§ Work instruction
Lines before the one containing "Some of the text" are left out; return that line and every line after it exactly, through the end of the data below.
Task inputs Start Marker
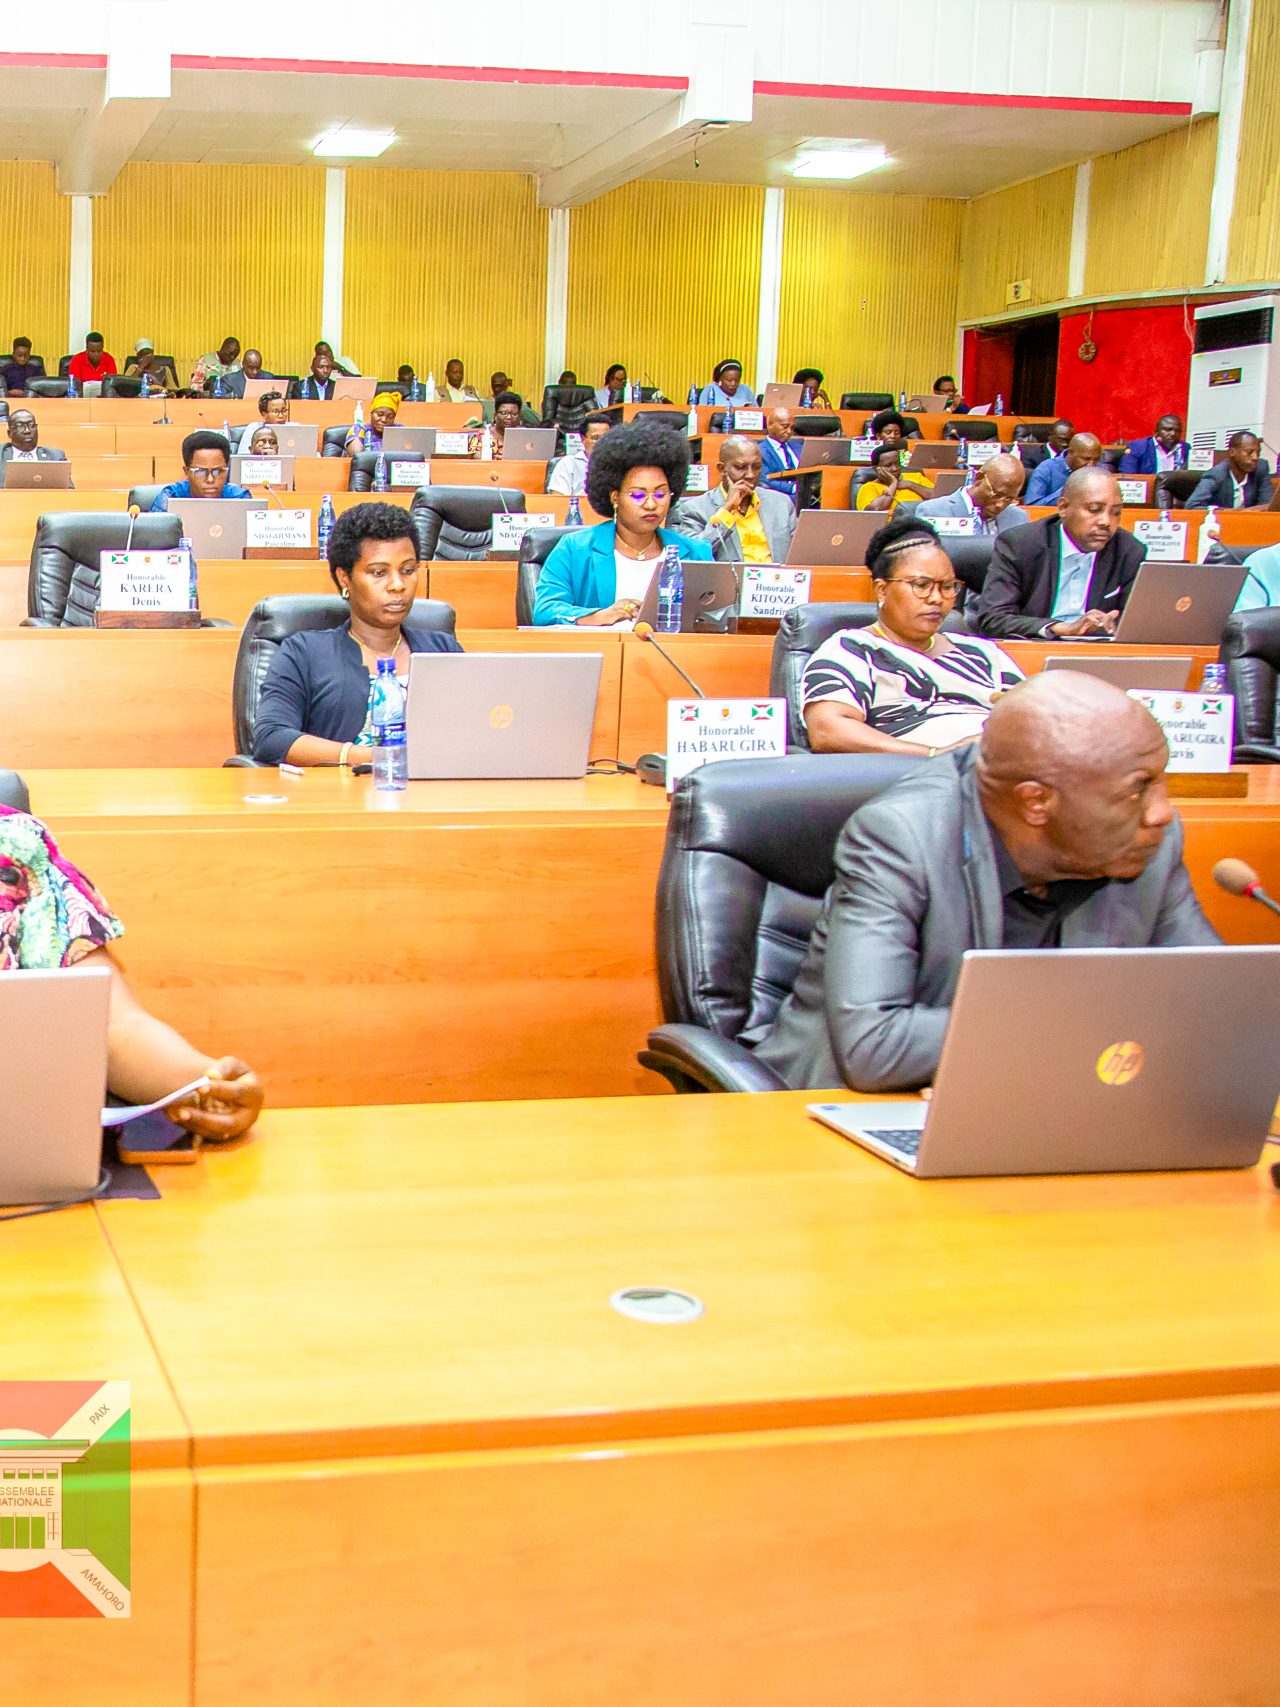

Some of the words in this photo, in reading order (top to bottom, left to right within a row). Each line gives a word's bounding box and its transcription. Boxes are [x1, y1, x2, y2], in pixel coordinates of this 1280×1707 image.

[126, 573, 166, 581] Honorable
[120, 583, 173, 593] KARERA
[755, 583, 795, 593] Honorable
[132, 596, 161, 606] Denis
[751, 593, 797, 605] KITONZE
[752, 605, 788, 616] Sandrin
[1160, 718, 1207, 730] onorable
[698, 724, 756, 736] Honorable
[1173, 733, 1226, 745] ARUGIRA
[677, 739, 777, 753] HABARUGIRA
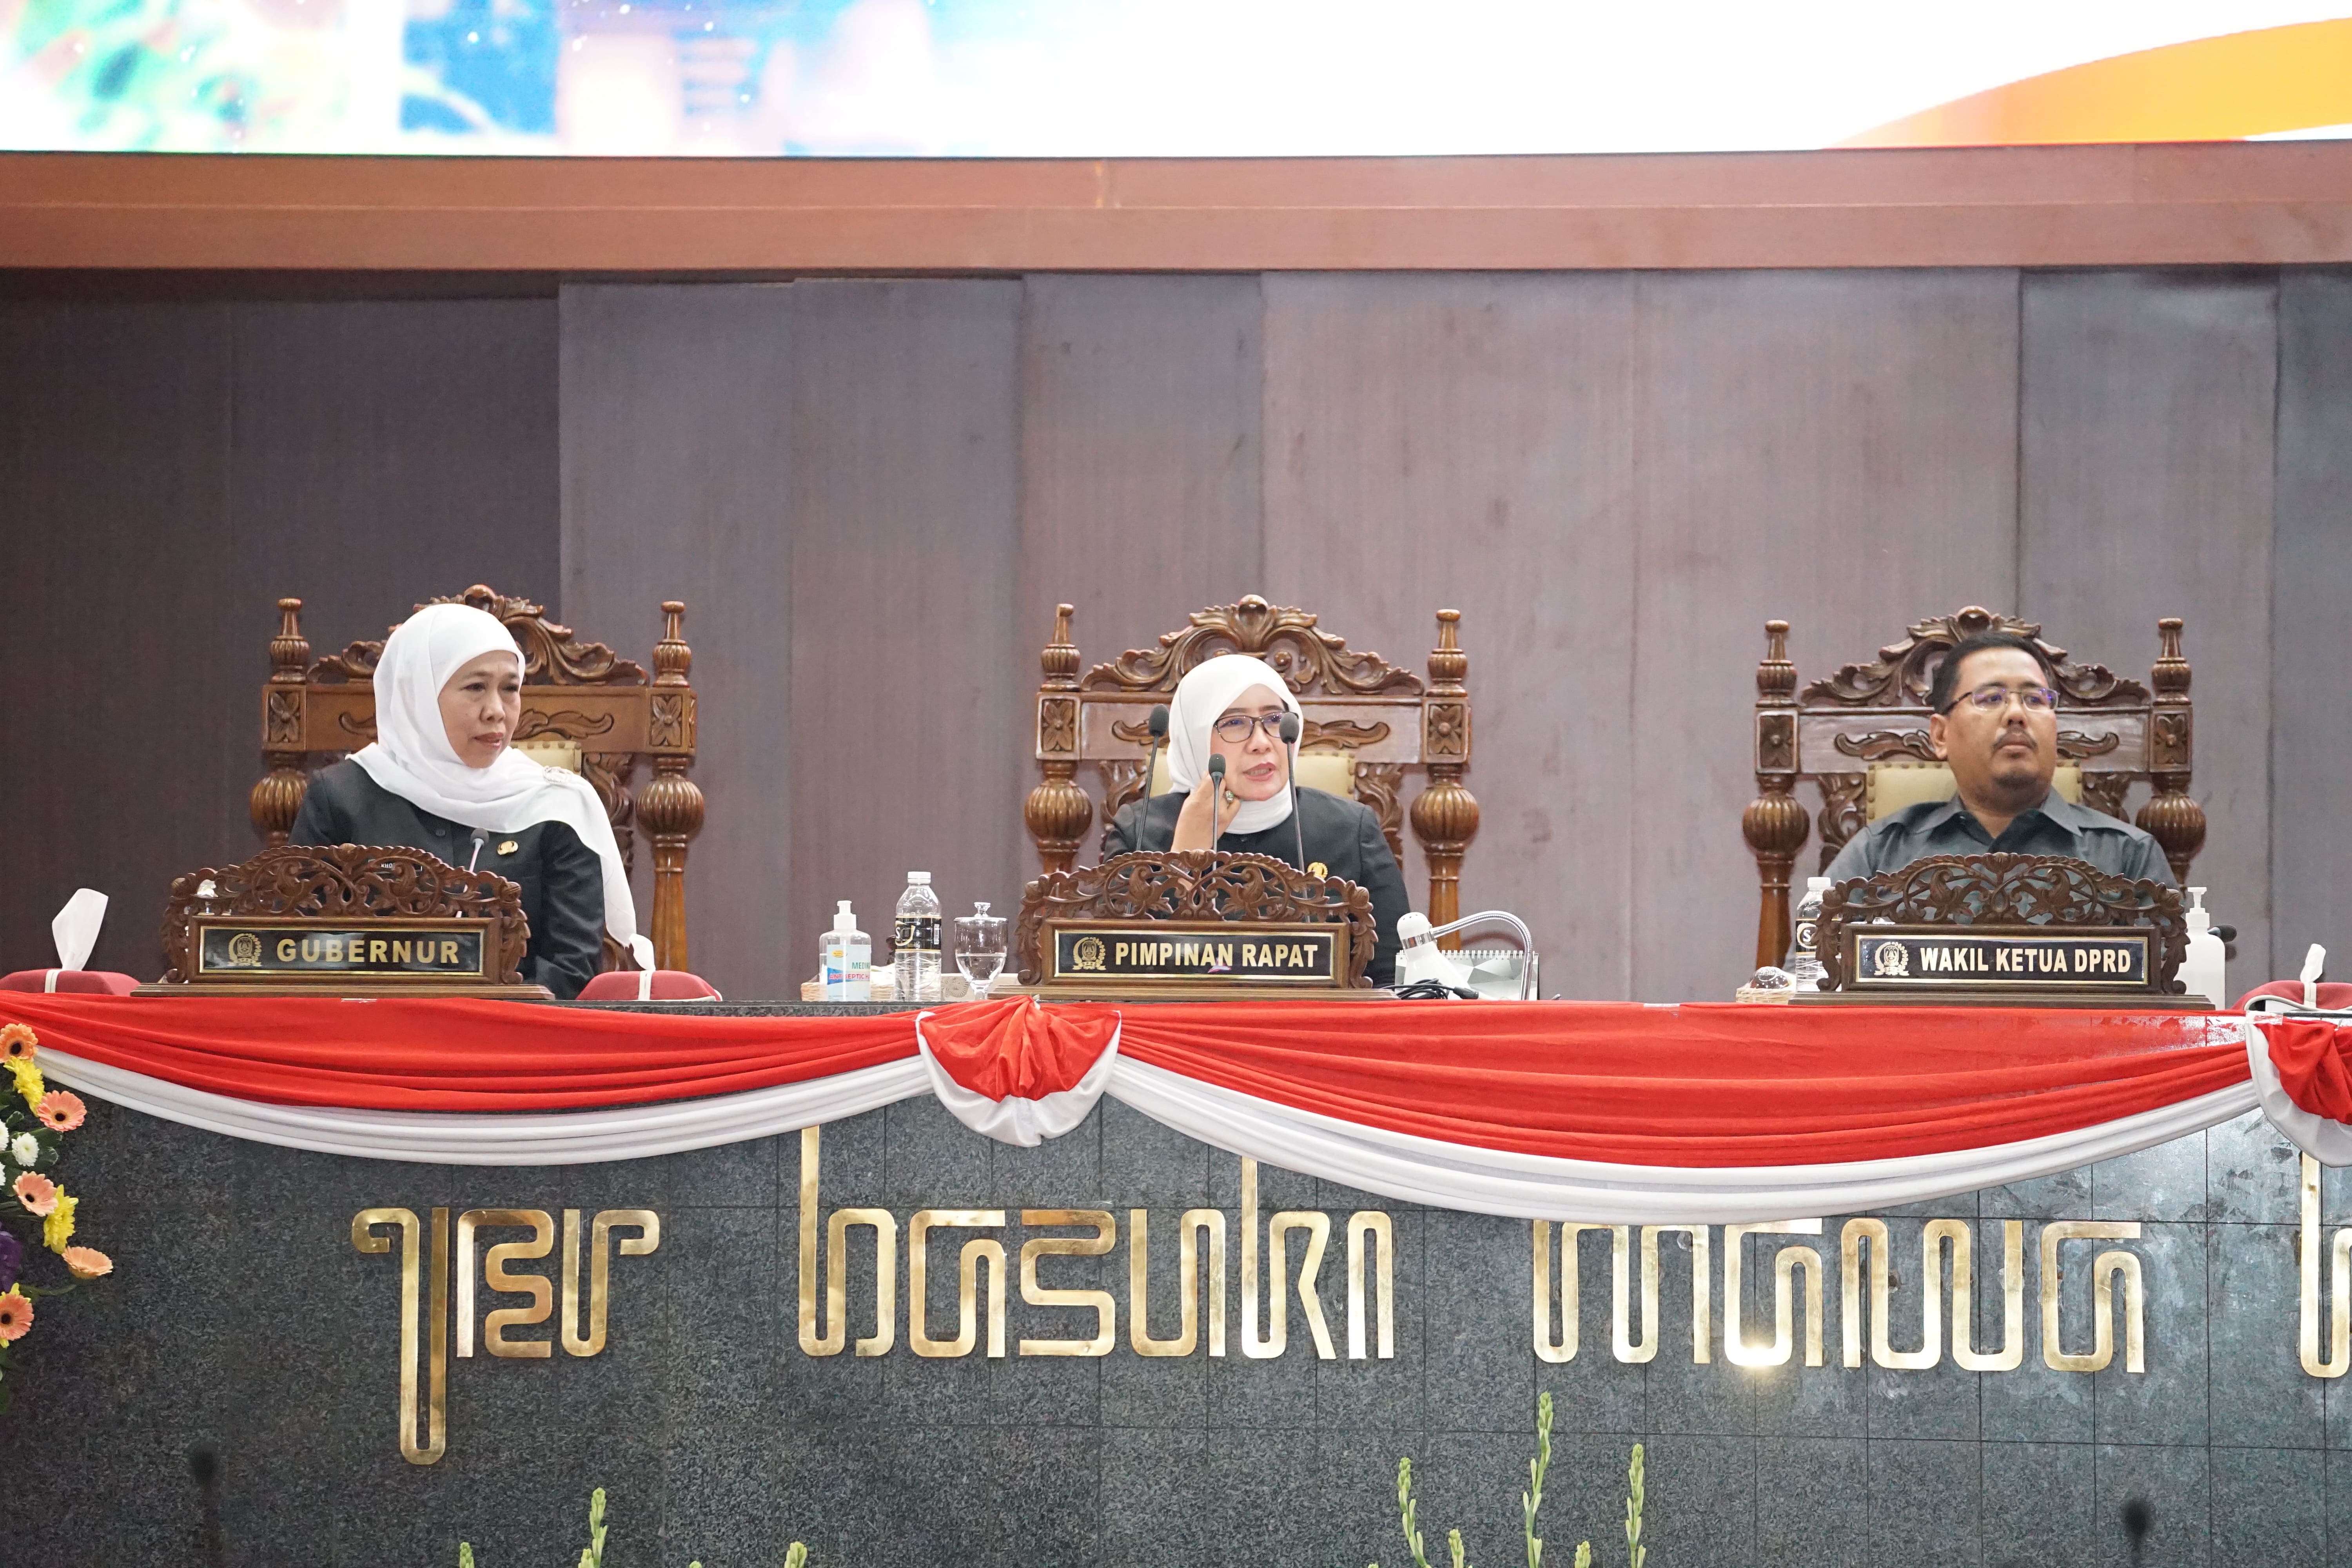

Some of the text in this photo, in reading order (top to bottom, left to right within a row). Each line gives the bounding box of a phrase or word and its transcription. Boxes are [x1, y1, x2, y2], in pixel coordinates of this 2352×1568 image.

[277, 938, 459, 964] GUBERNUR
[1115, 942, 1318, 967] PIMPINAN RAPAT
[1920, 947, 2131, 973] WAKIL KETUA DPRD
Task inputs End Marker
§ Answer to this exercise
Some of the text in this photo, in reading order (top to bottom, left to right within a row). Each line gives the bounding box of a phrase or word and its transcription. Boxes are [x1, y1, x2, y2], in pixel coordinates of this 2352×1568 image.

[277, 938, 459, 964] GUBERNUR
[1115, 942, 1318, 967] PIMPINAN RAPAT
[1920, 947, 2131, 973] WAKIL KETUA DPRD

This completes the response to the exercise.